Aim of the task - Reproduce all of the entries character for character, while leaving out any pictures they contain.

Free-text object descriptions
★ ★ ★ ★ ★

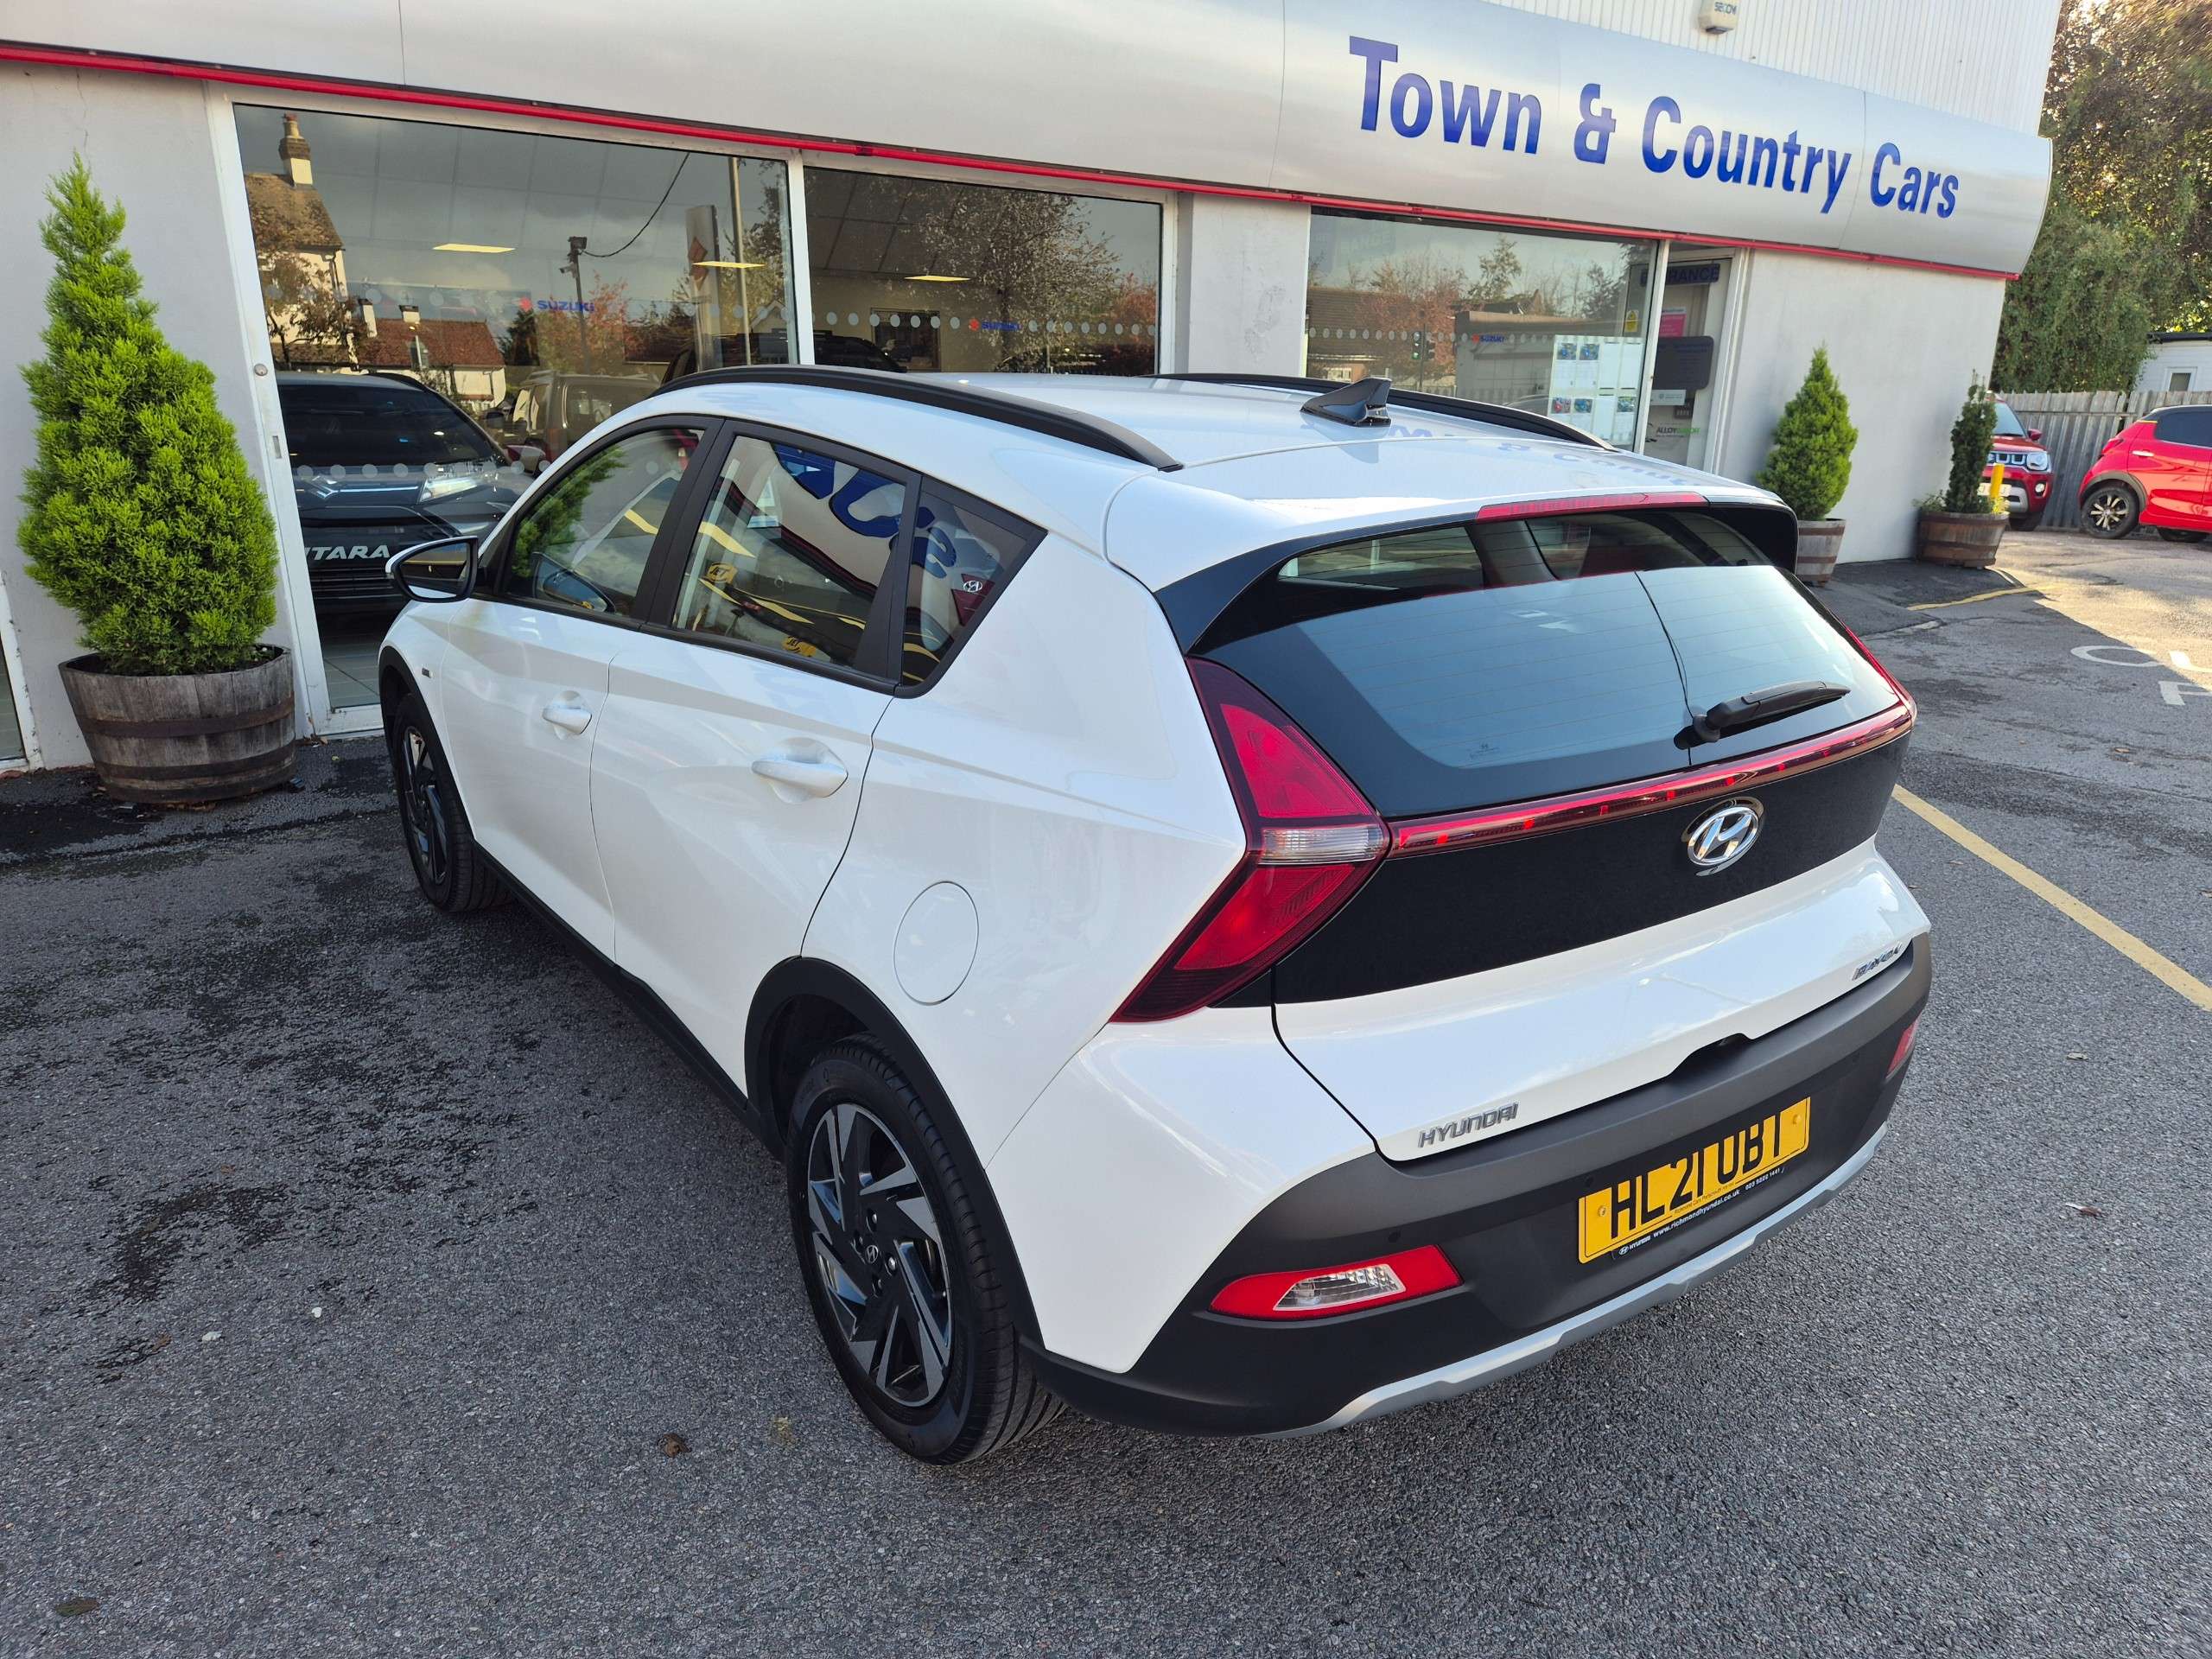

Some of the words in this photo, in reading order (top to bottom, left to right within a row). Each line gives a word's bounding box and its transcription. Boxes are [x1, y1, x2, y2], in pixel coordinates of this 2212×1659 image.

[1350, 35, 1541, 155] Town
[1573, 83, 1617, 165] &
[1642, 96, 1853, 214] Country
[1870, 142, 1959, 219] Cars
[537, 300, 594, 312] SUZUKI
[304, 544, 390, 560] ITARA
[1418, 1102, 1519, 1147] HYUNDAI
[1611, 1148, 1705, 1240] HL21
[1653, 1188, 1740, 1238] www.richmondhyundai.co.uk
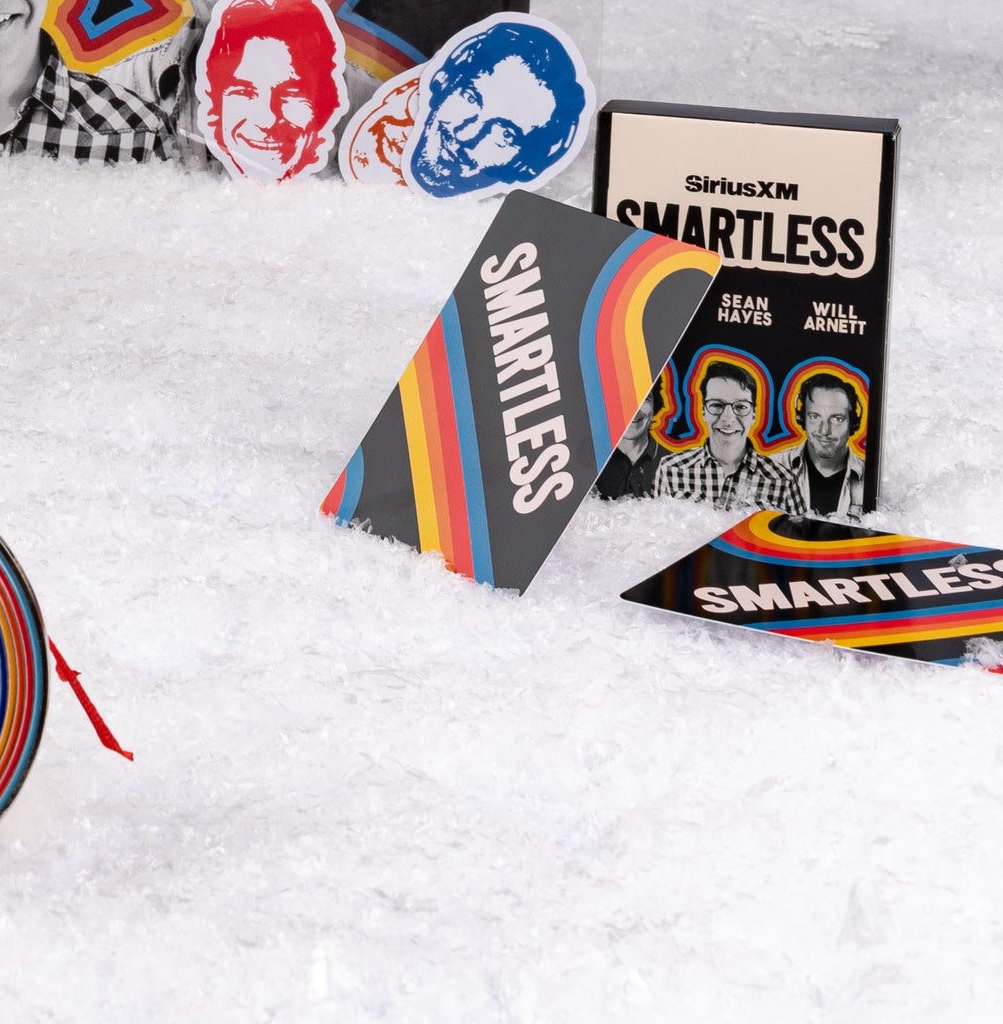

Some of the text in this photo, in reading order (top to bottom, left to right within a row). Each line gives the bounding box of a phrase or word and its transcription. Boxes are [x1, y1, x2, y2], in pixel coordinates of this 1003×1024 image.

★ ★ ★ ★ ★

Output of the exercise -
Some of the words in this photo, in reading order (top to bottom, left to right within a row). Each line gives a word's bounding box and its transcription. Boxes are [x1, y1, x2, y2], in pixel coordinates of this 2212×1659 image.

[1350, 35, 1541, 155] Town
[1573, 83, 1617, 165] &
[1642, 96, 1853, 214] Country
[1870, 142, 1959, 219] Cars
[537, 300, 594, 312] SUZUKI
[304, 544, 390, 560] ITARA
[1418, 1102, 1519, 1147] HYUNDAI
[1611, 1148, 1705, 1240] HL21
[1653, 1188, 1740, 1238] www.richmondhyundai.co.uk

Some of the text in this photo, in reading order (top to bottom, left to right within a row). Each line gives the bounding box of a phrase or word and its transcription. Boxes are [x1, y1, x2, y2], in pixel coordinates of this 1003×1024 image.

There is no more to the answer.